= Beginning of Section =

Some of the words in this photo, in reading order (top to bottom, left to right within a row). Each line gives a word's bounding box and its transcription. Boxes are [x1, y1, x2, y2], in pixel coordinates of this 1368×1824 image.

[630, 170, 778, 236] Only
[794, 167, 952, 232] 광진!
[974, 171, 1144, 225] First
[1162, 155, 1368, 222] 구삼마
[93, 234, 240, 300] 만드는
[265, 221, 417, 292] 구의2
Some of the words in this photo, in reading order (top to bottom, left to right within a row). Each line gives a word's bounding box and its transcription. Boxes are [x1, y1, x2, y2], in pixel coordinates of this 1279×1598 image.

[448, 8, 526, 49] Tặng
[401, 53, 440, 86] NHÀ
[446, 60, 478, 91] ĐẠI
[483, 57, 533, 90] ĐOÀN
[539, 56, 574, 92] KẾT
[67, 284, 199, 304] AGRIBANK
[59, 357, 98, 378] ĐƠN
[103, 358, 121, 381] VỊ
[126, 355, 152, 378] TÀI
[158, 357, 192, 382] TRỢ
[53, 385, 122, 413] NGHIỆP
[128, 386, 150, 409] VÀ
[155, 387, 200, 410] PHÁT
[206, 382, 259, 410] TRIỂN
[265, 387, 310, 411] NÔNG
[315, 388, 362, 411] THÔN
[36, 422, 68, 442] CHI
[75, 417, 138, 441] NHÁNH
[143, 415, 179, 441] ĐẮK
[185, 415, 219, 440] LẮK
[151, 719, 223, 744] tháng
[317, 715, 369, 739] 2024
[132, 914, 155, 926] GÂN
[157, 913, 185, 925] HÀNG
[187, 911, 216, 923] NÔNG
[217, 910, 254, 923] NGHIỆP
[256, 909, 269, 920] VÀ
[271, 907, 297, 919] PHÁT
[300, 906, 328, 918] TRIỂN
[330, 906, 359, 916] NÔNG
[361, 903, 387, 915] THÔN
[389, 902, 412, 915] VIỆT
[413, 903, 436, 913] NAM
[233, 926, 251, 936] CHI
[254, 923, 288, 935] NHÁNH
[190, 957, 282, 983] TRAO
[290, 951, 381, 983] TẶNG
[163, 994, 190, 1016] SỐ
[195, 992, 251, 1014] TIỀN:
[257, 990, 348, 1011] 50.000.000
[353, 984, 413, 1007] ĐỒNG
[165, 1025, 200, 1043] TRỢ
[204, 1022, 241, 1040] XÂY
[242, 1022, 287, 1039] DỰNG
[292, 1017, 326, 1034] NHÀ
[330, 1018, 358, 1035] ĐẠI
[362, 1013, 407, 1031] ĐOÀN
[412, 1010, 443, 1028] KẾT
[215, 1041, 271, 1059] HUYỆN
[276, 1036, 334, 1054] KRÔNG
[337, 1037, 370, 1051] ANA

= End of Section =

TASK TO CARRY OUT
Reproduce the listing above character for character.

ANSWER FOR THE TASK
Some of the words in this photo, in reading order (top to bottom, left to right within a row). Each line gives a word's bounding box and its transcription. Boxes are [x1, y1, x2, y2], in pixel coordinates of this 1368×1824 image.

[630, 170, 778, 236] Only
[794, 167, 952, 232] 광진!
[974, 171, 1144, 225] First
[1162, 155, 1368, 222] 구삼마
[93, 234, 240, 300] 만드는
[265, 221, 417, 292] 구의2
Some of the words in this photo, in reading order (top to bottom, left to right within a row). Each line gives a word's bounding box and its transcription. Boxes are [x1, y1, x2, y2], in pixel coordinates of this 1279×1598 image.

[448, 8, 526, 49] Tặng
[401, 53, 440, 86] NHÀ
[446, 60, 478, 91] ĐẠI
[483, 57, 533, 90] ĐOÀN
[539, 56, 574, 92] KẾT
[67, 284, 199, 304] AGRIBANK
[59, 357, 98, 378] ĐƠN
[103, 358, 121, 381] VỊ
[126, 355, 152, 378] TÀI
[158, 357, 192, 382] TRỢ
[53, 385, 122, 413] NGHIỆP
[128, 386, 150, 409] VÀ
[155, 387, 200, 410] PHÁT
[206, 382, 259, 410] TRIỂN
[265, 387, 310, 411] NÔNG
[315, 388, 362, 411] THÔN
[36, 422, 68, 442] CHI
[75, 417, 138, 441] NHÁNH
[143, 415, 179, 441] ĐẮK
[185, 415, 219, 440] LẮK
[151, 719, 223, 744] tháng
[317, 715, 369, 739] 2024
[132, 914, 155, 926] GÂN
[157, 913, 185, 925] HÀNG
[187, 911, 216, 923] NÔNG
[217, 910, 254, 923] NGHIỆP
[256, 909, 269, 920] VÀ
[271, 907, 297, 919] PHÁT
[300, 906, 328, 918] TRIỂN
[330, 906, 359, 916] NÔNG
[361, 903, 387, 915] THÔN
[389, 902, 412, 915] VIỆT
[413, 903, 436, 913] NAM
[233, 926, 251, 936] CHI
[254, 923, 288, 935] NHÁNH
[190, 957, 282, 983] TRAO
[290, 951, 381, 983] TẶNG
[163, 994, 190, 1016] SỐ
[195, 992, 251, 1014] TIỀN:
[257, 990, 348, 1011] 50.000.000
[353, 984, 413, 1007] ĐỒNG
[165, 1025, 200, 1043] TRỢ
[204, 1022, 241, 1040] XÂY
[242, 1022, 287, 1039] DỰNG
[292, 1017, 326, 1034] NHÀ
[330, 1018, 358, 1035] ĐẠI
[362, 1013, 407, 1031] ĐOÀN
[412, 1010, 443, 1028] KẾT
[215, 1041, 271, 1059] HUYỆN
[276, 1036, 334, 1054] KRÔNG
[337, 1037, 370, 1051] ANA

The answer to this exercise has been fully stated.